Stage 1 - Preparation of the syringe

To administer the drug should be used disposable sterile syringes and needles. The syringe volume should be small enough to introduce the prescribed dose accurately. If the solution is opaque or contains mechanical inclusions, it can not be used. The contents of the bottle should be used immediately after puncturing the rubber plug. The solution remaining after a single application is discarded. First, remove the bottle cap valve. Put the needle on the syringe and pierce the rubber stopper of the bottle with a needle. Collect the solution in a syringe and replace the needle with a needle for injection. Holding the syringe with the needle up, gently tap it on the side to expel the air bubbles in the top of the syringe,then press the piston until the air is completely removed, until only the Puregon solution remains in the syringe. If necessary, additional pressure is applied to the piston to establish the volume of the solution to be injected.

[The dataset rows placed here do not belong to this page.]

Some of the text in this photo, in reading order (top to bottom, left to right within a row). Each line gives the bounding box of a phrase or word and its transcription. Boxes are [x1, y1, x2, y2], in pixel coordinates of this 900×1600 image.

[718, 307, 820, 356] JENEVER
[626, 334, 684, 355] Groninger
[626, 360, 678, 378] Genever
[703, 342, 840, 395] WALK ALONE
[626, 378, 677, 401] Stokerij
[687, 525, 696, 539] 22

Step 2 - Place of introduction

The most suitable place for the n / v introduction - the abdomen around the navel with moving skin and a layer of fat. With each injection, you need to slightly change the injection site. You can inject the drug into other parts of the body.

Stage 3 - Preparation of the site of administration

To reduce the discomfort with the introduction of the needle, you can make a few claps at the site of the proposed injection. Hands should be washed and the site of injection is wiped with a disinfectant solution (eg 0.5% chlorhexidine) to remove surface bacteria. Treat approximately 6 cm around the point where the needle enters, and wait for about a minute to allow the disinfectant solution to dry.

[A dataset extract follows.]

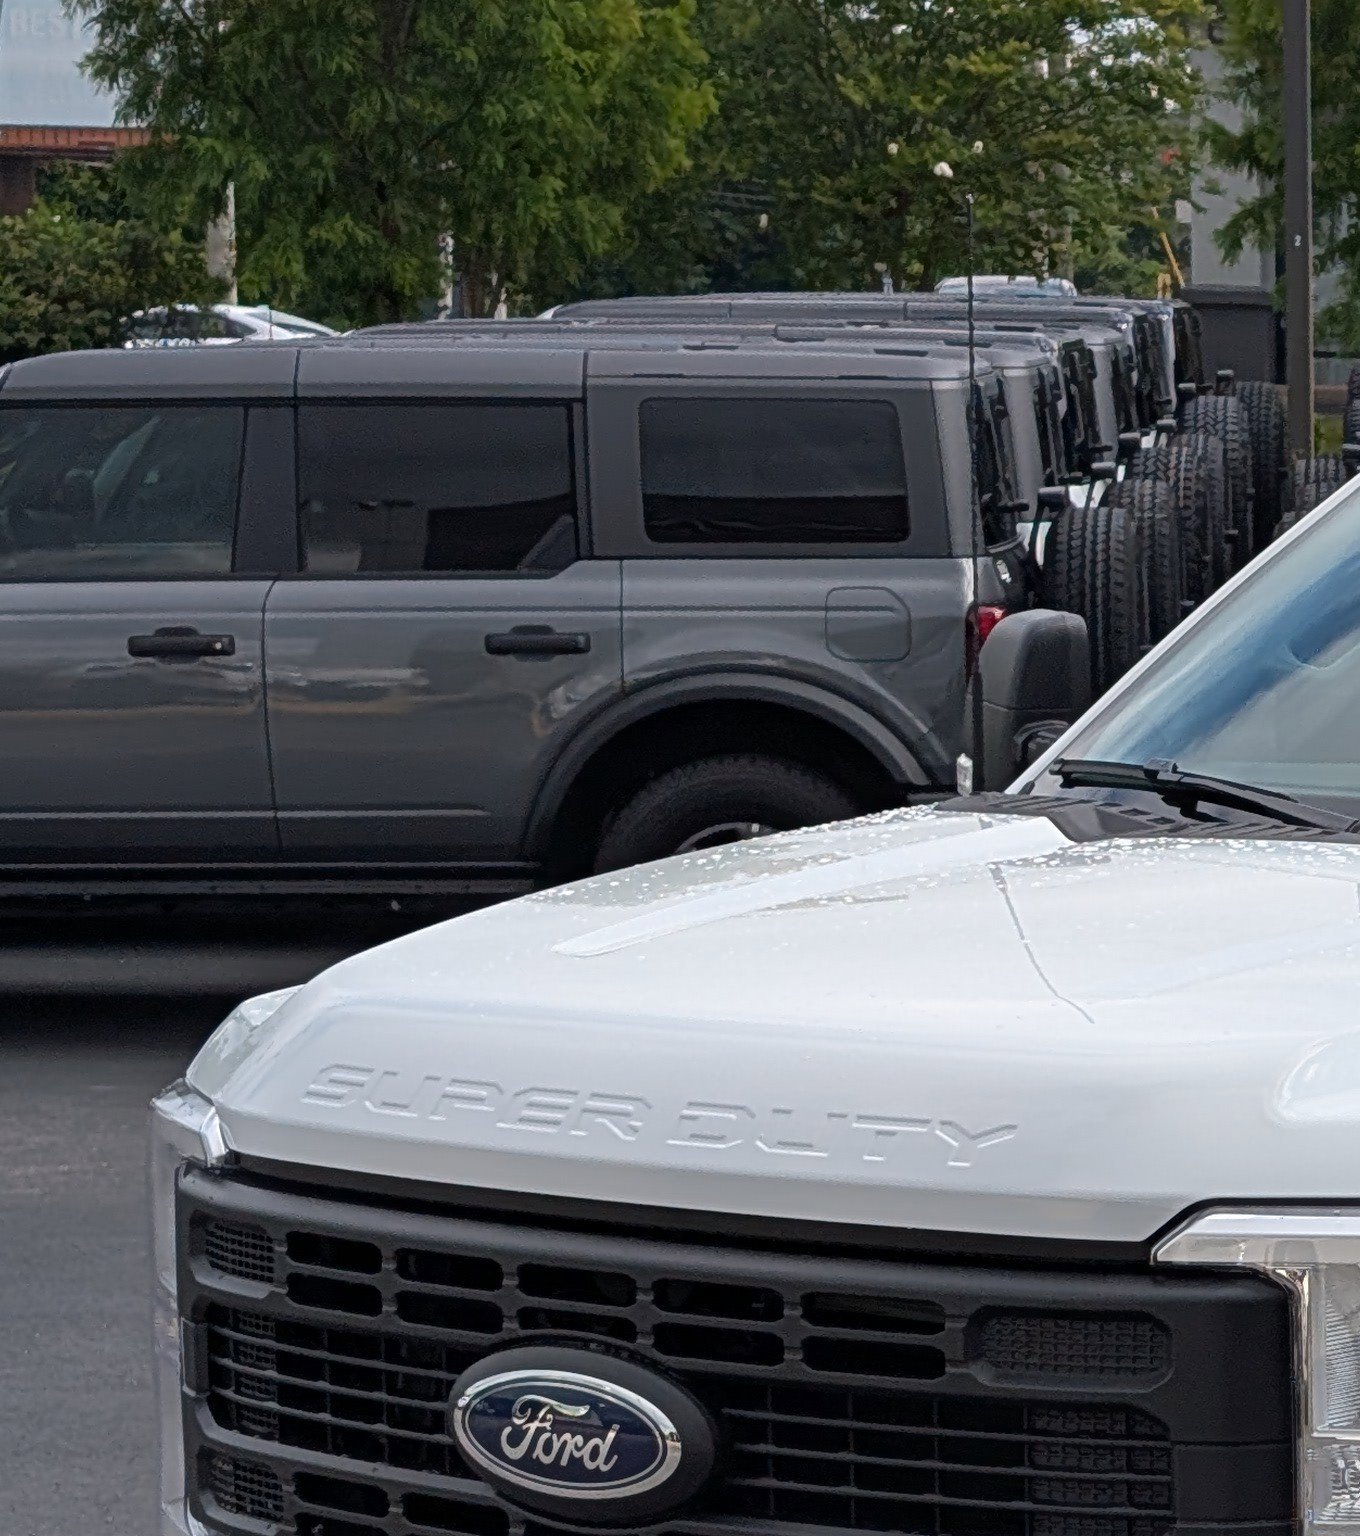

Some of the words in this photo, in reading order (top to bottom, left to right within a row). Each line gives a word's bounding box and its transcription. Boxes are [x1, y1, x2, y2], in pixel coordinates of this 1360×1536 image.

[300, 1062, 654, 1142] SUPER
[664, 1100, 1020, 1168] DUTY
[500, 1393, 622, 1473] Ford

Step 4 - Inserting the needle

Slightly pull the skin. With the other hand, insert the needle at an angle of 90 ° under the surface of the skin.

Step 5 - Checking the correct position of the needle

With the correct position of the needle, the piston is quite difficult to return.

Penetrating into the syringe, the blood indicates that the needle pierced the vein or artery. In this case, take out the syringe, cover the injection site with a tampon with a disinfectant and apply pressure, and the bleeding will stop in 1-2 minutes. Do not use the solution and remove it from the syringe. Start again from the 1st stage, using a new needle and syringe, and a new vial of the drug.

Step 6 - Administration of the solution

Lower the piston slowly and gradually to correctly enter the solution and not damage the skin tissue.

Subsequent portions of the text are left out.